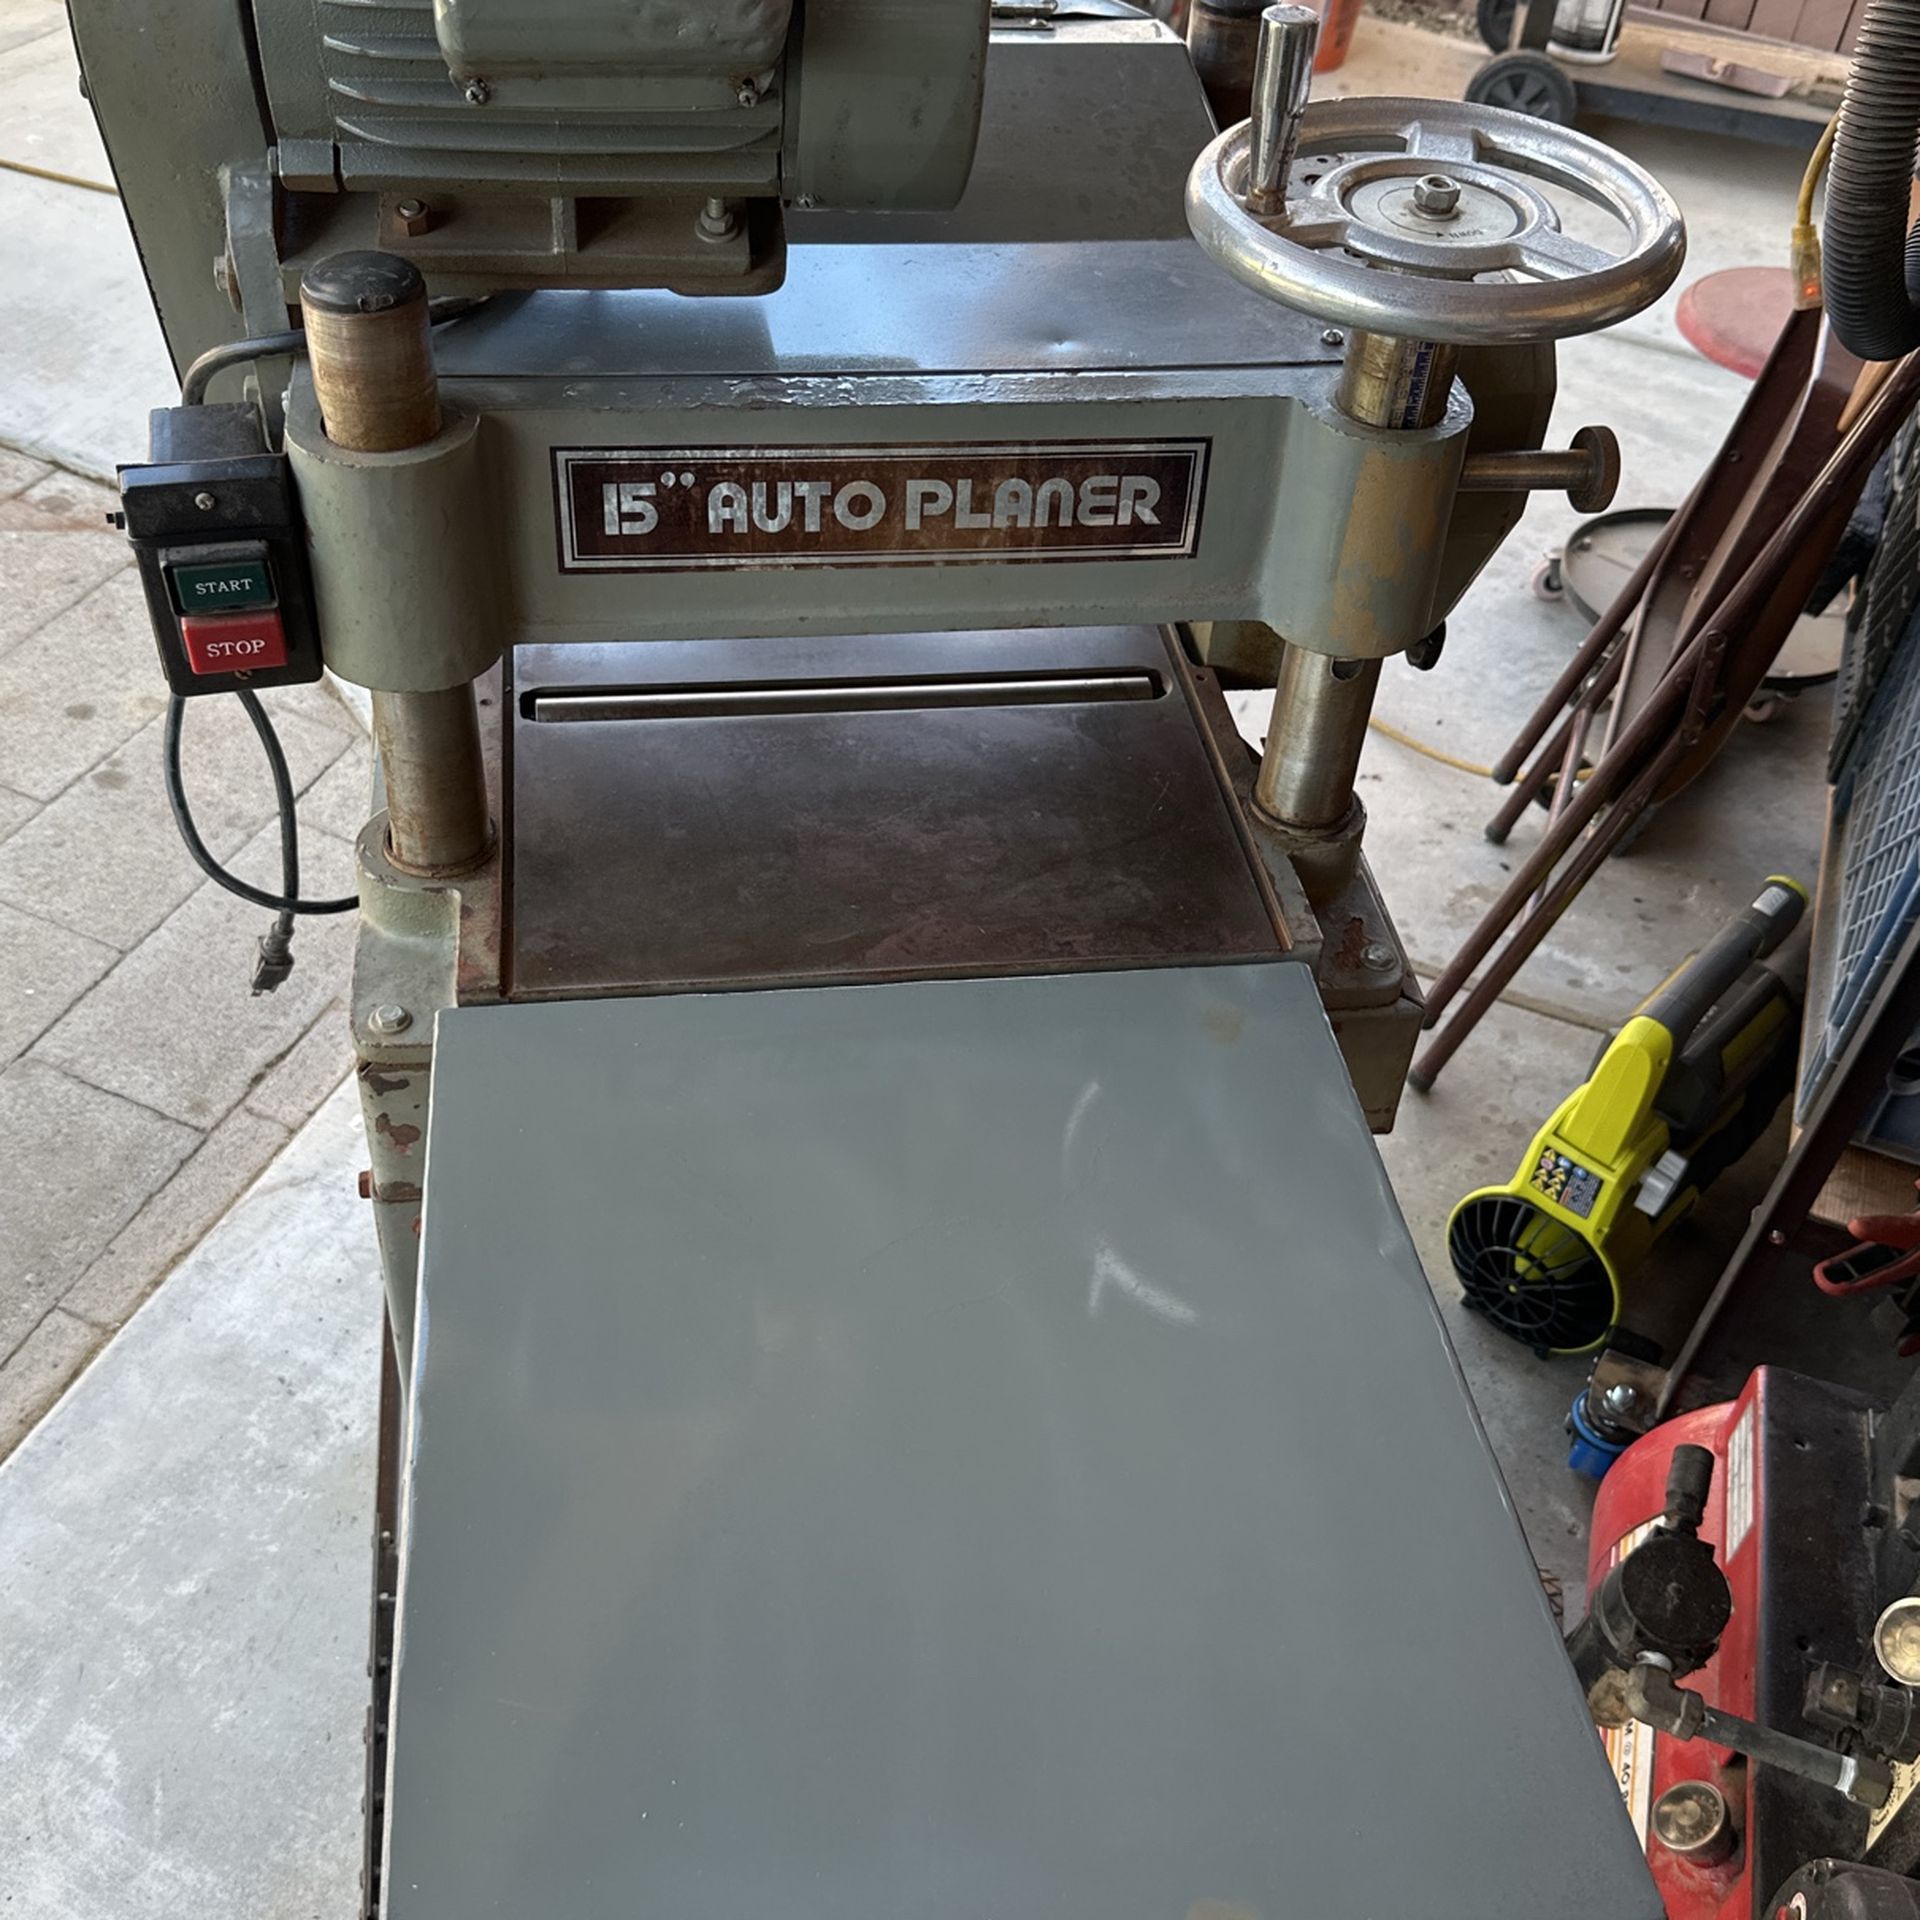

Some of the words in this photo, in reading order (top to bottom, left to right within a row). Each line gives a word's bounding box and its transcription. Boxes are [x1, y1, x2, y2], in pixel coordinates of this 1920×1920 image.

[707, 480, 887, 534] AUTO
[904, 475, 1162, 531] PLANER
[195, 578, 254, 596] START
[206, 639, 266, 658] STOP

++++++

> _TASK DIRECTIONS_
What is needed is every entry written out word for word, with no pictures.

> _WRITTEN RESPONSE_
Some of the words in this photo, in reading order (top to bottom, left to right within a row). Each line gives a word's bounding box and its transcription. Boxes are [x1, y1, x2, y2], in pixel coordinates of this 1920×1920 image.

[707, 480, 887, 534] AUTO
[904, 475, 1162, 531] PLANER
[195, 578, 254, 596] START
[206, 639, 266, 658] STOP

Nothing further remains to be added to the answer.